:: DIRECTIONS FOR THIS TASK ::
All entries need to be written out verbatim, with pictures omitted.

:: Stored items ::
BEGIN

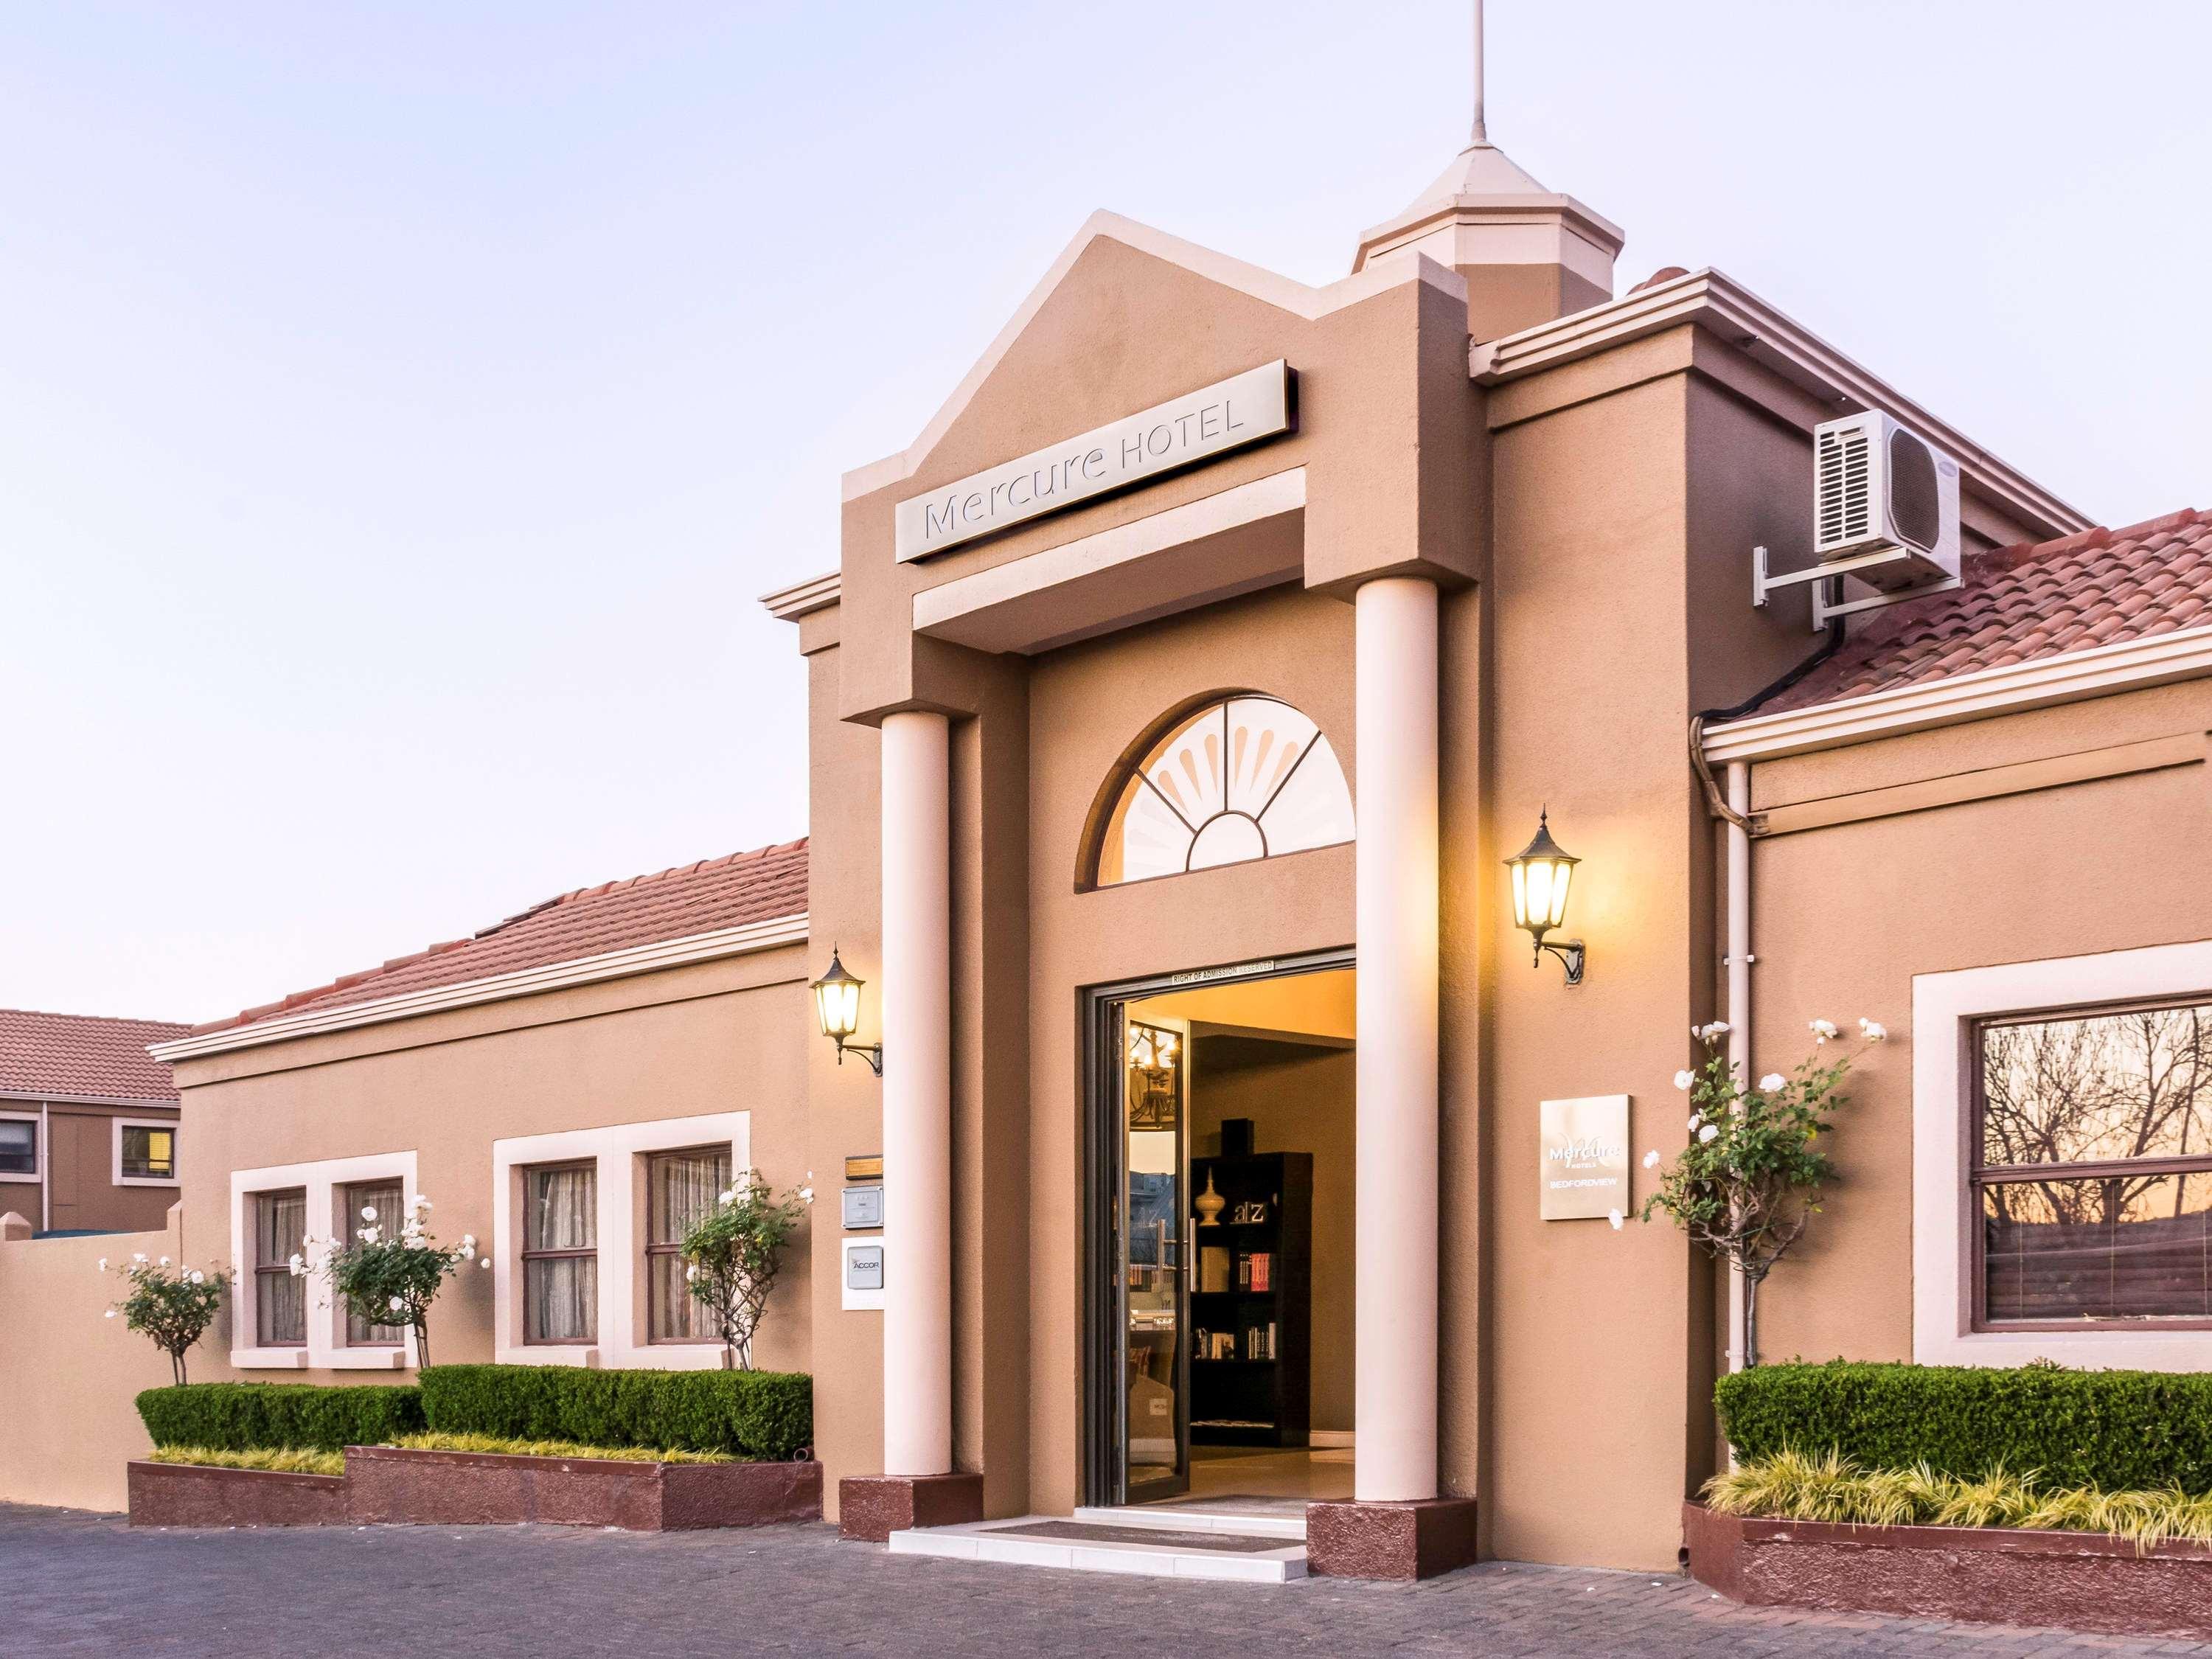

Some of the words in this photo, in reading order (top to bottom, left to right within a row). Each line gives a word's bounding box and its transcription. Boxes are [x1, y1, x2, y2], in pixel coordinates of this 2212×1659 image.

[925, 447, 1106, 539] Mercure
[1121, 400, 1244, 469] HOTEL
[1173, 974, 1192, 983] RIGHT
[1194, 972, 1202, 981] OF
[1203, 967, 1237, 979] ADMISSION
[1550, 1178, 1617, 1189] BEDFORDVIEW
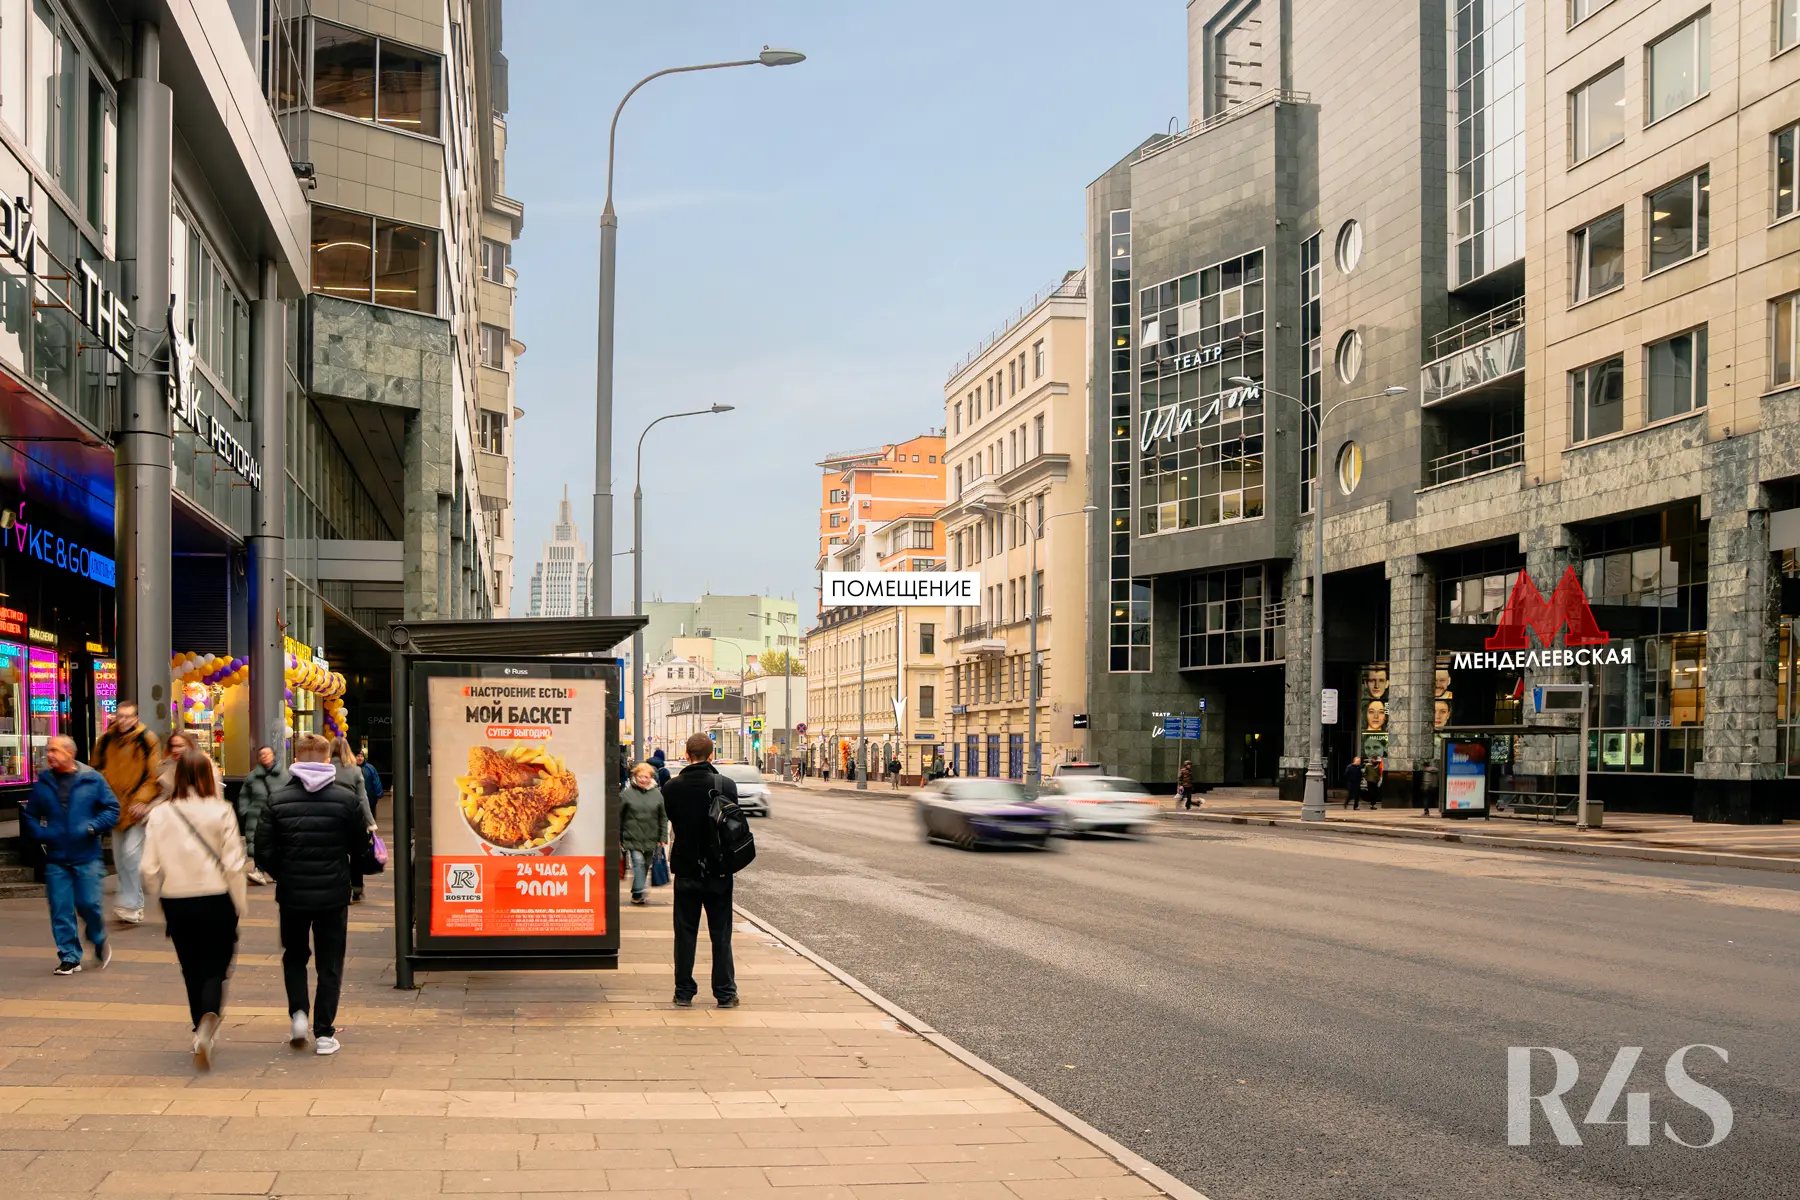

END

:: RESPONSE AREA ::
Some of the words in this photo, in reading order (top to bottom, left to right within a row). Each line gives a word's bounding box and its transcription. Boxes are [x1, y1, x2, y2], in pixel coordinates of this 2212×1659 image.

[925, 447, 1106, 539] Mercure
[1121, 400, 1244, 469] HOTEL
[1173, 974, 1192, 983] RIGHT
[1194, 972, 1202, 981] OF
[1203, 967, 1237, 979] ADMISSION
[1550, 1178, 1617, 1189] BEDFORDVIEW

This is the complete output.